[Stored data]
[Start of section]
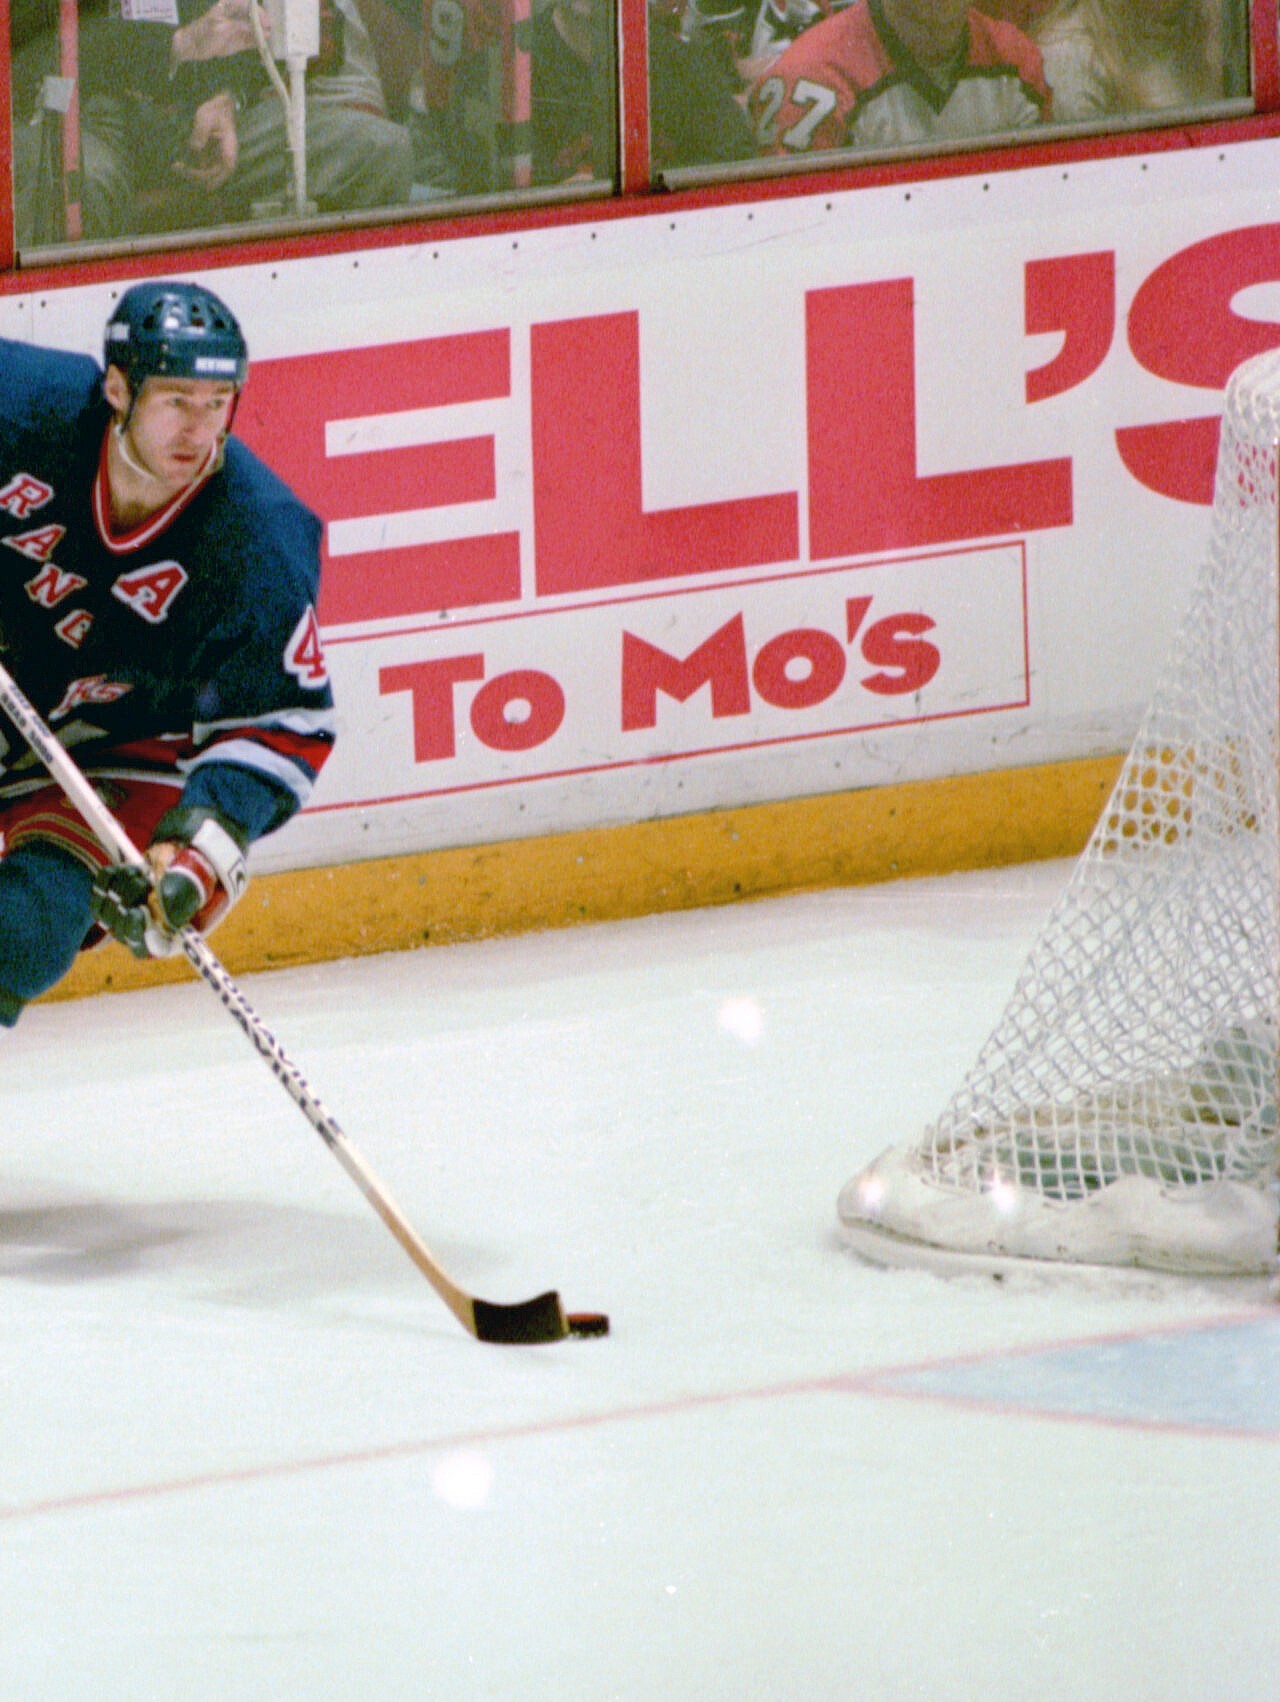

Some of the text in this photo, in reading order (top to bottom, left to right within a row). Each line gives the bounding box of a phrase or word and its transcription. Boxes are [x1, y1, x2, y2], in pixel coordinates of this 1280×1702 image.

[756, 76, 837, 150] 27
[110, 559, 189, 624] A
[283, 604, 329, 689] 4
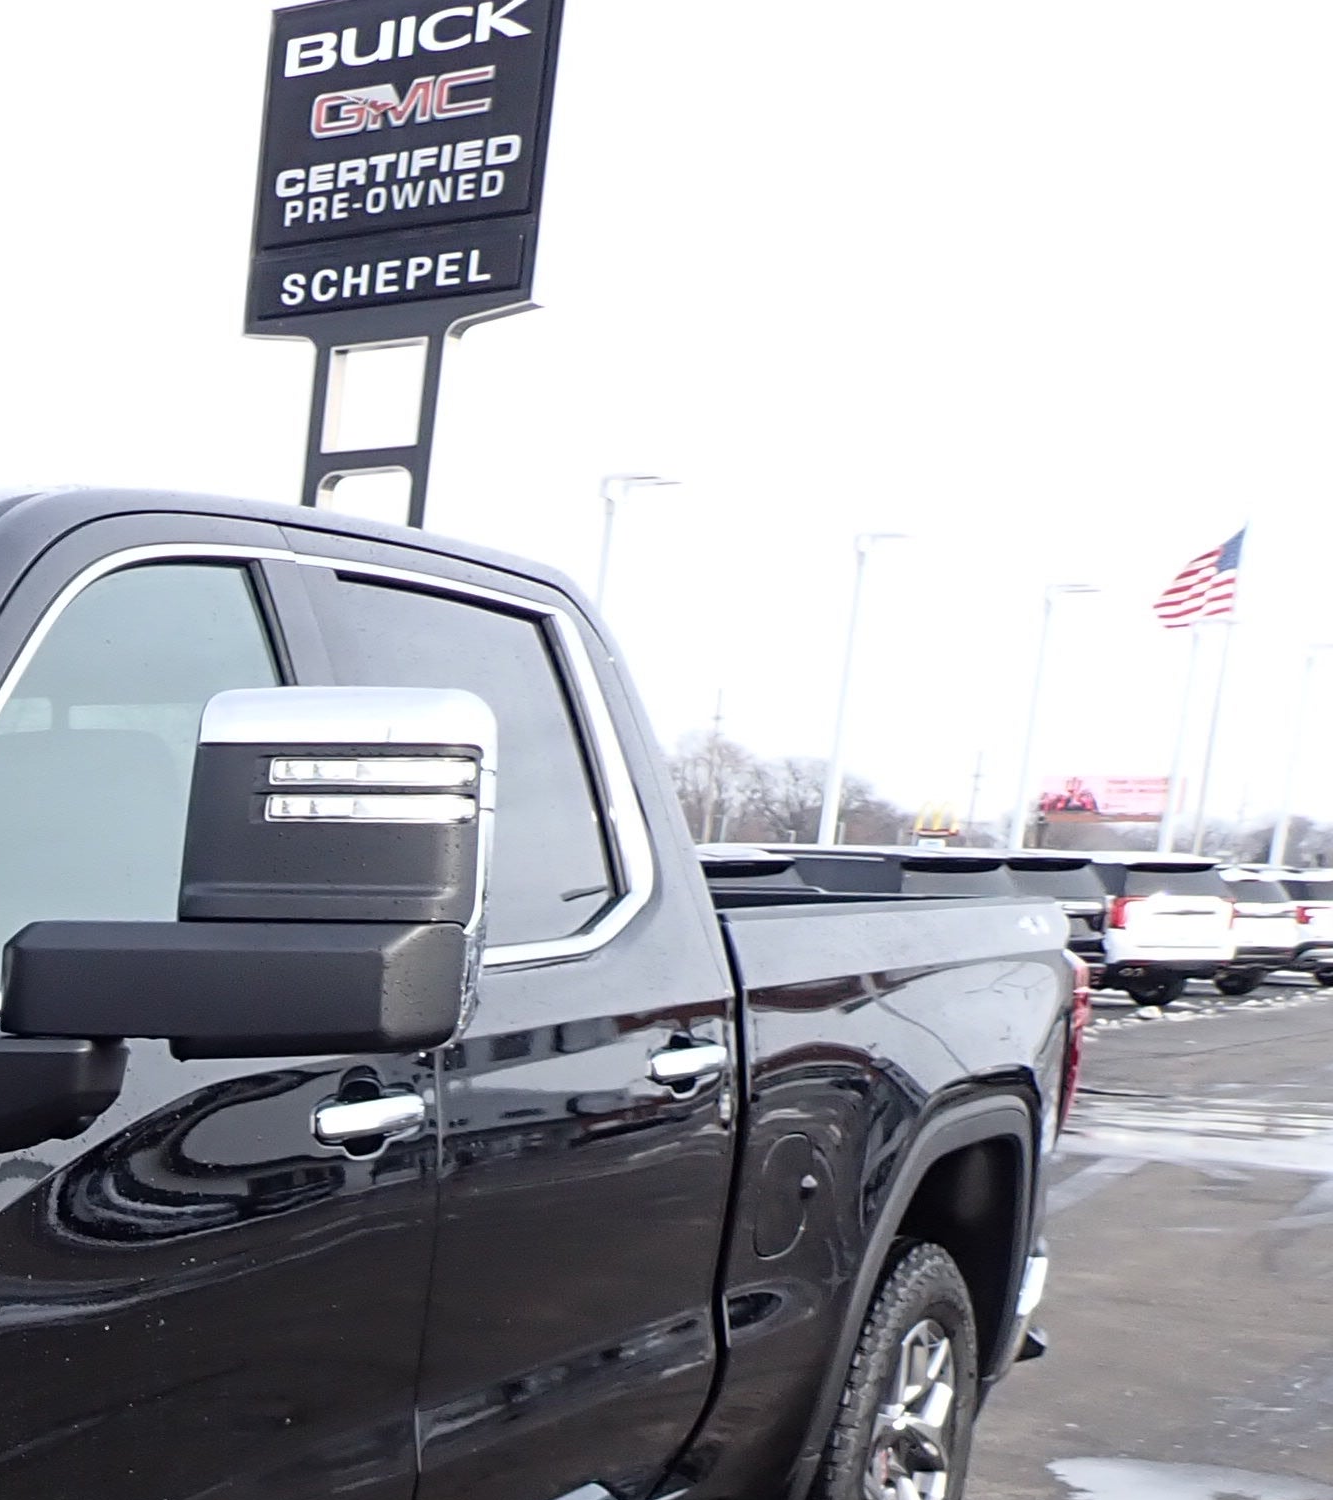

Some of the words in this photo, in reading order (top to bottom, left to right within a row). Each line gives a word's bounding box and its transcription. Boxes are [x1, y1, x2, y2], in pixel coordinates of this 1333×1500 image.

[284, 0, 532, 77] BUICK
[311, 65, 496, 138] GMC
[275, 134, 522, 198] CERTIFIED
[284, 170, 505, 227] PRE-OWNED
[281, 249, 491, 306] SCHEPEL
[End of section]
* [WHAT THE TASK REQUIRES] For every record above, repeat the text exactly and omit any picture.

* [RESPONSE TO THE TASK]
Some of the text in this photo, in reading order (top to bottom, left to right within a row). Each line gives the bounding box of a phrase or word and its transcription. Boxes are [x1, y1, x2, y2], in pixel coordinates of this 1280×1702 image.

[756, 76, 837, 150] 27
[110, 559, 189, 624] A
[283, 604, 329, 689] 4

Some of the words in this photo, in reading order (top to bottom, left to right within a row). Each line gives a word's bounding box and its transcription. Boxes are [x1, y1, x2, y2], in pixel coordinates of this 1333×1500 image.

[284, 0, 532, 77] BUICK
[311, 65, 496, 138] GMC
[275, 134, 522, 198] CERTIFIED
[284, 170, 505, 227] PRE-OWNED
[281, 249, 491, 306] SCHEPEL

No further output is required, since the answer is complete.